Time to Choose Your ODM Wing

By Billy Mijungu

The divisions within ODM have outgrown disagreement. What is unfolding is a generational confrontation over power, relevance, and the future direction of the party. One camp is associated with Oburu Odinga. The other is driven by Winnie Odinga.

Between these two poles sit Gen Z-aligned actors and several competing interests, making the internal contest both crowded and unpredictable. What is clear, however, is that loyalty alone no longer guarantees victory on the ODM ticket.

ODM remains one of the most formidable political parties in Kenya. Its grassroots model is so effective that UDA is openly replicating it nationwide, promising hundreds of thousands of grassroots leaders. In the long term, parties such as Jubilee, DCP, ODM, UDA, and Wiper are likely to survive. Yet survival does not translate into universal opportunity. Each party will ultimately produce only one presidential flag bearer.

The current ODM struggle forces the party to confront the meaning of its own name. The D in ODM must now be applied in its true registered sense, Democratic. For years, critics have dismissed it as standing for dictatorship. That narrative may have survived in the past, but it cannot survive in today’s political environment.
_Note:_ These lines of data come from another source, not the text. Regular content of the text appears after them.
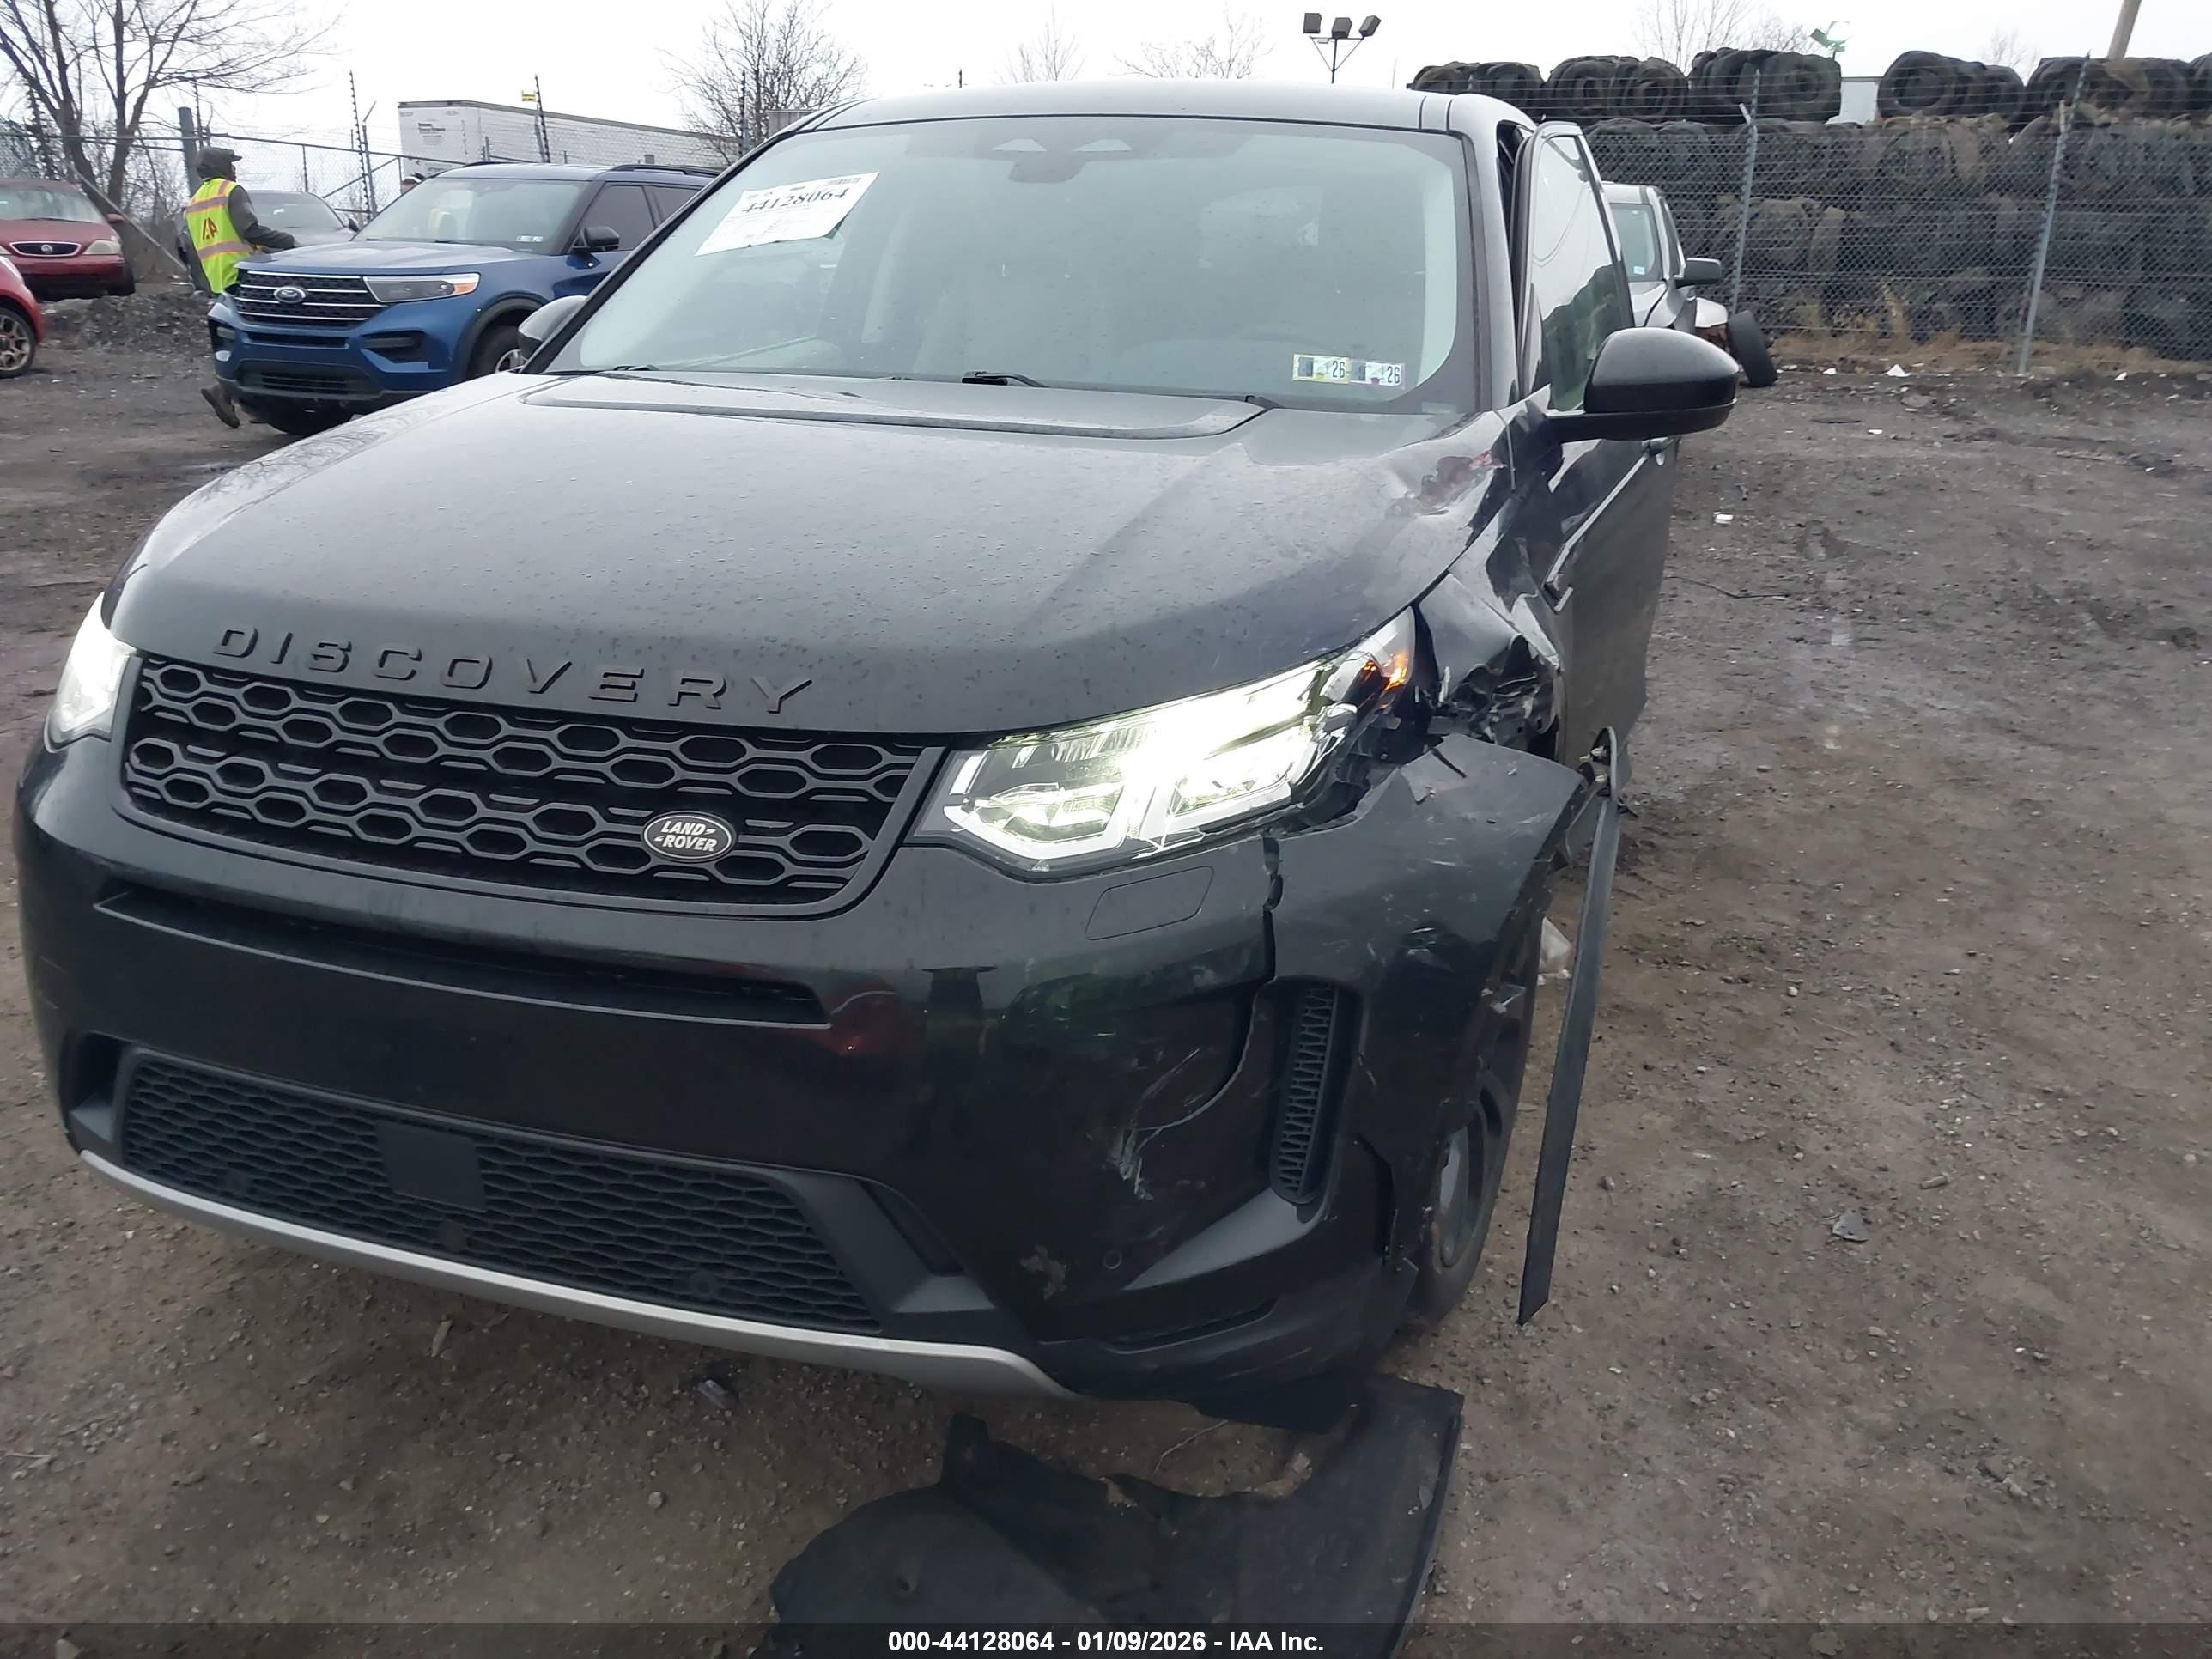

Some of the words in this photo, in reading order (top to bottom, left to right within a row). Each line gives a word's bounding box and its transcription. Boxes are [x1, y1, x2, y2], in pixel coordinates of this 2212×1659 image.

[742, 186, 850, 213] 44128064
[1332, 360, 1346, 379] 26
[1387, 365, 1401, 384] 26
[213, 626, 812, 714] DISCOVERY
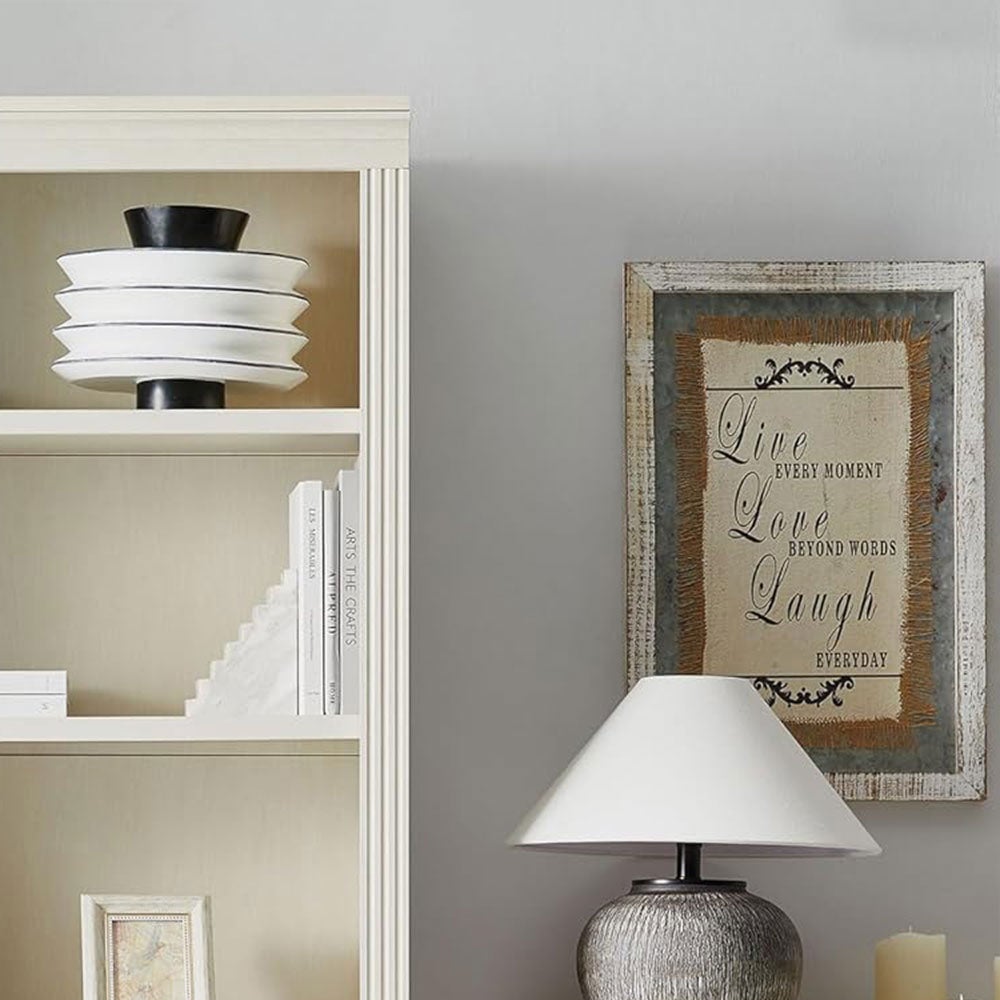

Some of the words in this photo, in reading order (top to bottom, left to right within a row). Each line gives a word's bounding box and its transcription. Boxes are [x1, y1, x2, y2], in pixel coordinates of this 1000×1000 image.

Oburu Odinga has limited options. Accommodation is no longer a courtesy but a necessity. Figures such as Nyabungu, Chogo, the Queenpin, and Winnie Odinga must be factored into the party’s future. Winnie Odinga in particular represents a new political energy. She will be tireless, persistent, and unapologetically confrontational where required.

The Odingas of 2026 are not the Odingas of 1994. Their financial resources are stronger, their political networks wider, and their operational capacity better suited to an open and competitive political space.

If ODM is to remain relevant, it must deliberately open up and manage its internal contradictions. Before negotiating with President Ruto or any external political force, ODM must first negotiate with itself. Without internal consensus, external alliances will remain fragile and transactional.